Recovering addict Getting Physically Back to Health After Getting Off Drugs or Alcohol

2 Things to Prioritize to Restore Physical Health After Addiction


Sober Recovery Expert Author

Recovering addict Getting Physically Back to Health After Getting Off Drugs or Alcohol

After getting off drugs or alcohol, each person is different. Some of us may have done a lot of damage to our body’s organs, skin, hair and nervous system on account of substance abuse. You may find you don't have energy, or that your metabolism has gone haywire due to unhealthy eating habits. But it is completely possible to get back to good physical health after you’ve become sober.

Exercising, eating healthy and having regular medical appointments to treat any damage that has taken place are a great way to start back on the path to good health.

Taking the right steps to get back to health can help support your sobriety.

Give Yourself a Boost with Physical Exercise

If you are just coming off drugs and alcohol, your energy levels may be low at first, and you may find that you’re not as in shape as you once were. Regular exercise can go a really long way in helping provide blood sugar balance, which supports mental stability, emotional wellness and mental well-being. The endorphins released during physical movement can help you make better decisions and support your sobriety, as well as assist you in making the right choice when it comes to cravings for drugs or alcohol.

If you think you have to be a gym rockstar, you don’t. Starting to walk daily can help you become more active and get you back into the swing. Heart-healthy activities like walking, swimming and even dancing are a great way to begin to move more.

Walking more can begin your first step to better fitness. If you have a hard time walking long distances, try parking farther away at the grocery store, using the stairs instead of the elevator and getting in at least one walk every day.

You don't need a gym membership, but if you do join a gym, finding time in your daily routine to hit the gym for even a half an hour can do wonders for your endorphins. Many gyms offer classes like yoga, aerobics, weight lifting or even martial arts. All of these forms of exercise can help you find something you really enjoy doing, and they can take your mind off of substances.

Don't try to force exercise routines that you aren't enjoying, because it can be harder to implement them over time. The key is to find something that you really like doing, and which will help you keep up a good routine. The healthier you are, the more you will want to support your sobriety.

Fuel Your Body With Healthy Foods and Supplements

It's not a bad idea to see a nutritionist in order to find out if you are deficient in any vitamins and minerals. There are a lot of people who aren't addicts who can be deficient in vitamins and minerals, and this can be even more so for alcoholics and addicts. Both drugs and alcohol can cause nutritional imbalances in the body. A nutritionist, or your doctor, can help you find out which vitamins your body may be more in need of, and supplement you accordingly.

Staying away from heavy junk foods, sugars, and other substances is also a good start. Cleaning up your diet can help support your emotional wellness, and curb the cravings for sugar that many alcoholics get.

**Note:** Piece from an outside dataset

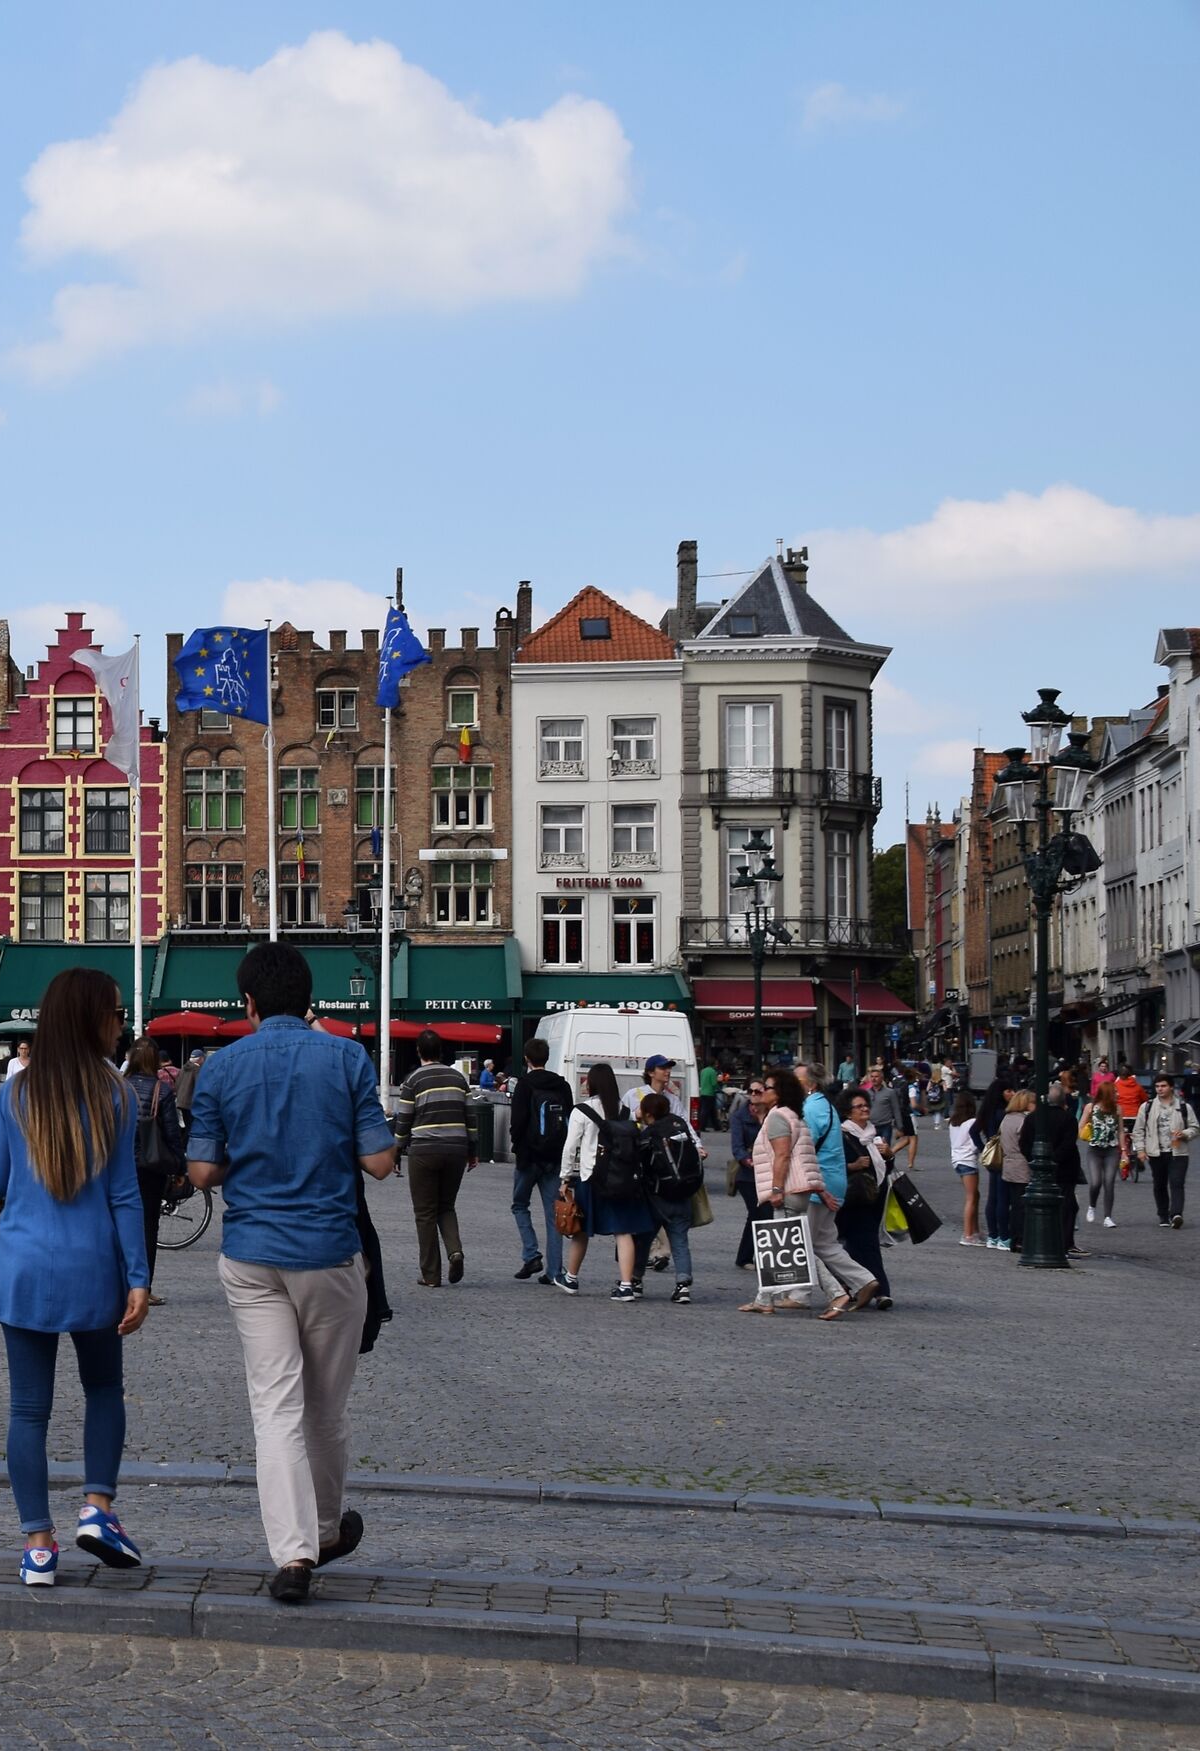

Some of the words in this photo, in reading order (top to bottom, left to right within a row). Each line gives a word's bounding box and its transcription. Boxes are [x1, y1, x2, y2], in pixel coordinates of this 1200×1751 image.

Eating clean foods and staying hydrated will balance your body and help your blood sugar feel more stabilized, avoiding the swings that can happen from sugar and junk food. Many alcoholics tend to lean towards sugar after they become sober, due to blood sugar imbalances. Avoid this trap by choosing fruits and healthy snacks when you have a sweet craving and to avoid excessive weight gain.

Remember, moderation is key. You don’t have to run a marathon right after you become sober, but taking the steps to get your body back on track is one of the best things you can do for yourself and for your sobriety. Stay well and keep moving, making the right positive changes to body and mind, and sobriety can be yours!